Arms of Robert Carey, 1st Earl of Monmouth, (top of right column), in a 19th-century (?) stained glass window in the Church of St Nicholas, Kenilworth, Warwickshire, showing the arms of the historical holders of Kenilworth Castle

As a young man he accompanied several diplomatic missions abroad and took part in military expeditions. He was sent to Scotland in February 1587 with certain news of the execution of Mary, Queen of Scots.[1] He was met at Berwick-upon-Tweed by the Scottish diplomat George Young. According to David Moysie, Young withheld his passport and carried his news to James VI of Scotland.[2]

In 1587, Carey joined in the attempt to relieve Sluys. In 1588 he served as a volunteer against the Spanish Armada, and commanded a regiment in the Earl of Essex's expedition to Normandy in support of the Protestant Henry IV of France in 1591, taking part in the siege of Rouen. He was knighted by Essex the same year for having by his intercession with the Queen procured his recall.

In October 1593 he brought the Scottish rebel Francis Stewart, 5th Earl of Bothwell, as a guest to Carlisle Castle. This alarmed his brother-in-law, Thomas Scrope, who was Warden of the West March, because Elizabeth I had declared her nobles would not receive the earl.[3]

In the parliaments of 1586 and 1588 he represented Morpeth; in that of 1593, Callington; and in those of 1596 and 1601, Northumberland. From 1592 till the end of Elizabeth's reign he occupied various posts in the government of the Scottish borders, being appointed Warden of the Middle March in 1596, which he held till February 1598.
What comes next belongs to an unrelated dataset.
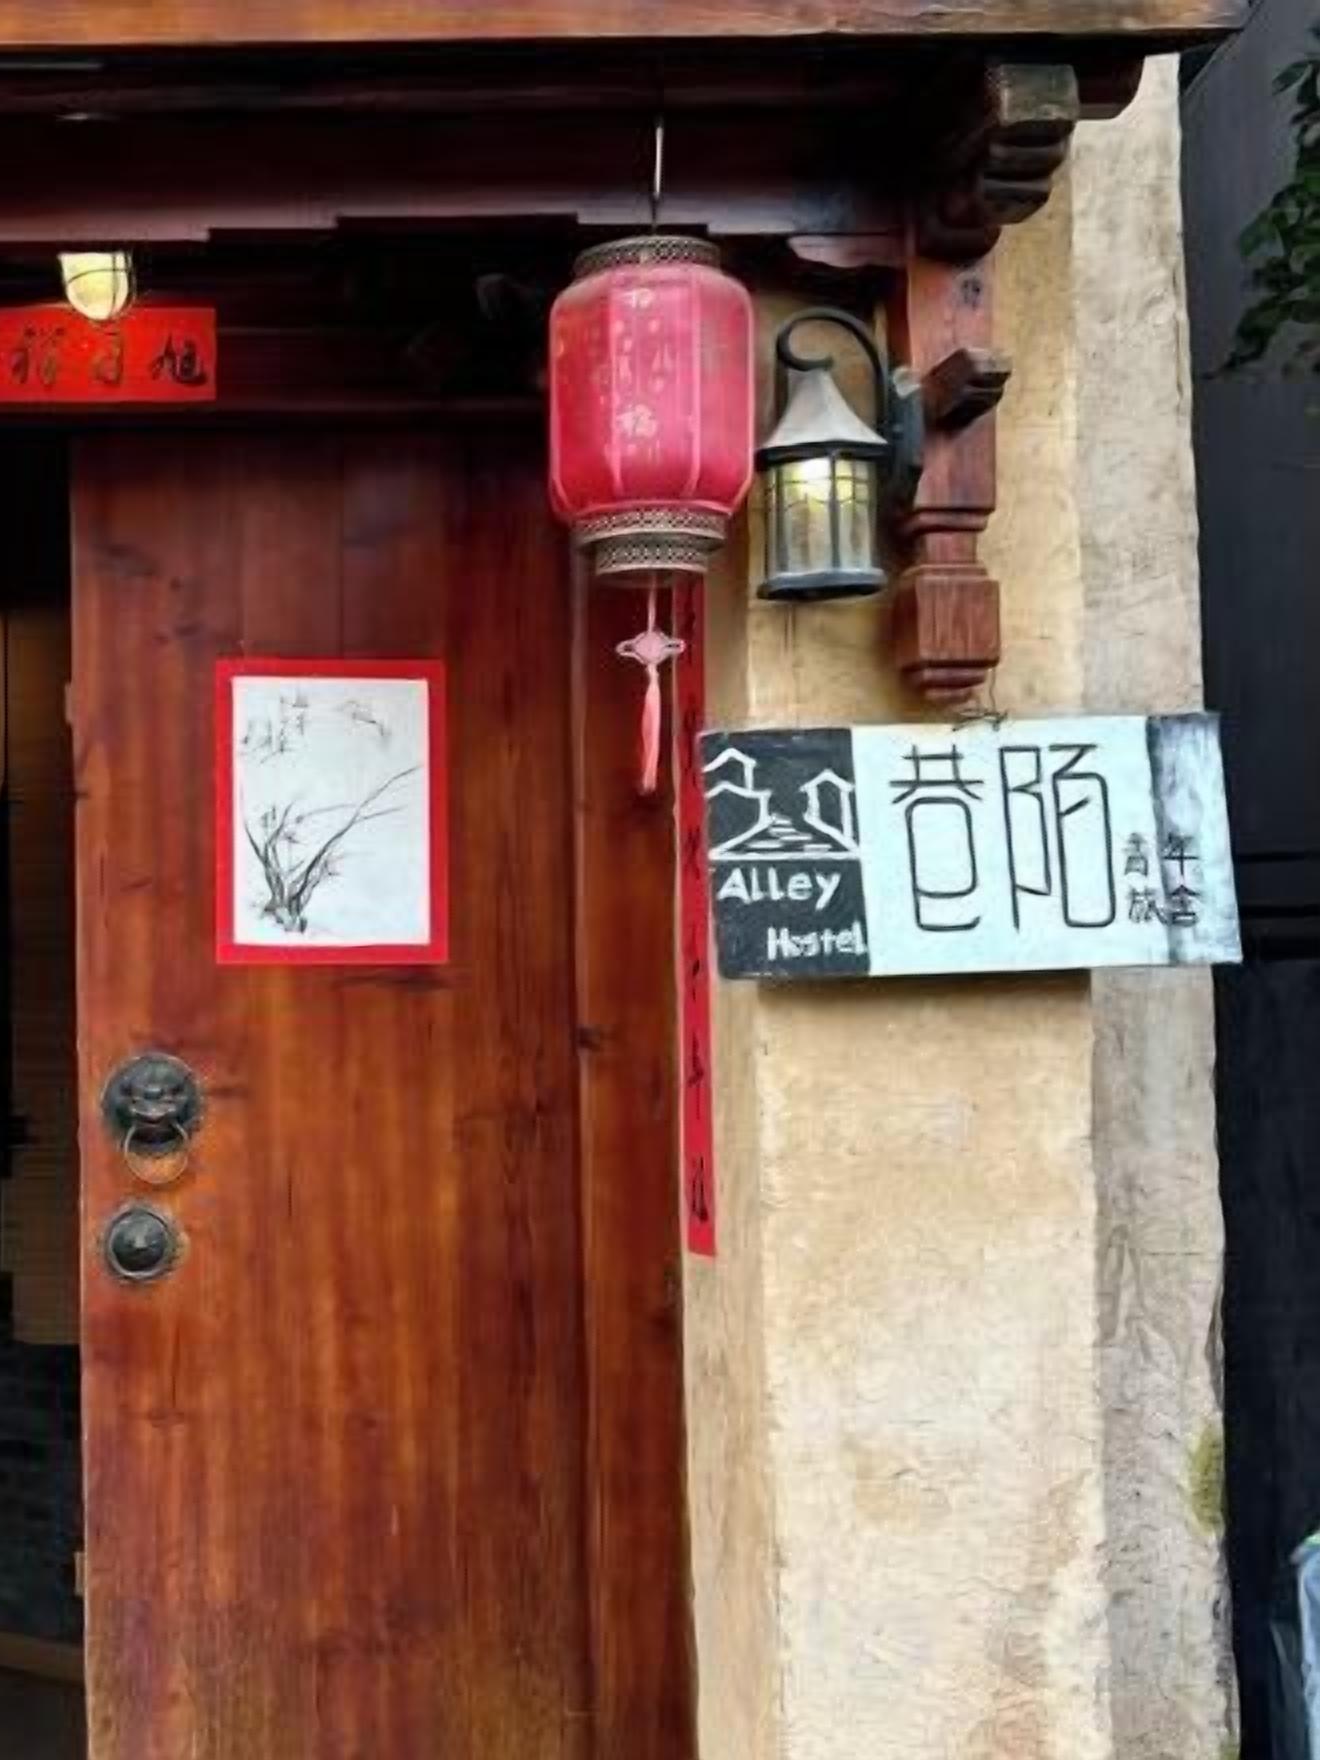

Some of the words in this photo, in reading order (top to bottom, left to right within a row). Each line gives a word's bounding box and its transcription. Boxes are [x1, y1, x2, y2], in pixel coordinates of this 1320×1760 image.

[889, 743, 1117, 933] 巷陌
[717, 867, 841, 911] Alley
[767, 920, 867, 960] Hostel
This was some of the most important work of his life, and he was largely responsible for easing the troubles and the depredations of the Border Reivers. His conflict with the Scottish fyrebrande Robert Ker, 1st Earl of Roxburghe was only settled after great skill and tact on Carey's part.

In March 1603 he visited the court, and witnessed Queen Elizabeth I's last illness, which he described in his memoirs. Anxious to recommend himself to her successor James I, and disobeying the orders of the council, he started on horseback immediately after the Queen's death on the morning of 24 March 1603, in order to be the first to communicate the tidings to James. He arrived at Holyrood late on 26 March,[4] and was appointed by the King a Gentleman of the Bedchamber. But his conduct met with general disapproval and merited censure as "contrary to all decency, good manners and respect," and on James's arrival in England he was dismissed from his new post.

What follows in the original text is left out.